ACTIVITY
Copy all of the material below, line for line.

DATASET RECORDS
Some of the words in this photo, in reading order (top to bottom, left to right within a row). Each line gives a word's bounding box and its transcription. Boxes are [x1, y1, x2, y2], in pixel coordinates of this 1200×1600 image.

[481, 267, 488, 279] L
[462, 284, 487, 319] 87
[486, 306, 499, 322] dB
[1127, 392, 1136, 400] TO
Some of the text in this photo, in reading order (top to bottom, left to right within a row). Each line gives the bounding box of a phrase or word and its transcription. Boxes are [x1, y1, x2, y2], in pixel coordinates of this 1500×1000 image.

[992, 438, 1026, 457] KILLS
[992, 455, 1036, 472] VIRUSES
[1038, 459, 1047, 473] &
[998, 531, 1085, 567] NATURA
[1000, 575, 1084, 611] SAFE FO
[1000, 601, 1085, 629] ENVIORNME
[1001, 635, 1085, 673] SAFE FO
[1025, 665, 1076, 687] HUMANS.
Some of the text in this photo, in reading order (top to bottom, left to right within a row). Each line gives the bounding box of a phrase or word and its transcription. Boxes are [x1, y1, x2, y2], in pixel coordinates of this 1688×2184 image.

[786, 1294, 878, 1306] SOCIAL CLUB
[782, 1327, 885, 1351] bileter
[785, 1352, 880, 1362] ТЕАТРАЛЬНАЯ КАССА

RESULT BELOW
Some of the words in this photo, in reading order (top to bottom, left to right within a row). Each line gives a word's bounding box and its transcription. Boxes are [x1, y1, x2, y2], in pixel coordinates of this 1200×1600 image.

[481, 267, 488, 279] L
[462, 284, 487, 319] 87
[486, 306, 499, 322] dB
[1127, 392, 1136, 400] TO
Some of the text in this photo, in reading order (top to bottom, left to right within a row). Each line gives the bounding box of a phrase or word and its transcription. Boxes are [x1, y1, x2, y2], in pixel coordinates of this 1500×1000 image.

[992, 438, 1026, 457] KILLS
[992, 455, 1036, 472] VIRUSES
[1038, 459, 1047, 473] &
[998, 531, 1085, 567] NATURA
[1000, 575, 1084, 611] SAFE FO
[1000, 601, 1085, 629] ENVIORNME
[1001, 635, 1085, 673] SAFE FO
[1025, 665, 1076, 687] HUMANS.
Some of the text in this photo, in reading order (top to bottom, left to right within a row). Each line gives the bounding box of a phrase or word and its transcription. Boxes are [x1, y1, x2, y2], in pixel coordinates of this 1688×2184 image.

[786, 1294, 878, 1306] SOCIAL CLUB
[782, 1327, 885, 1351] bileter
[785, 1352, 880, 1362] ТЕАТРАЛЬНАЯ КАССА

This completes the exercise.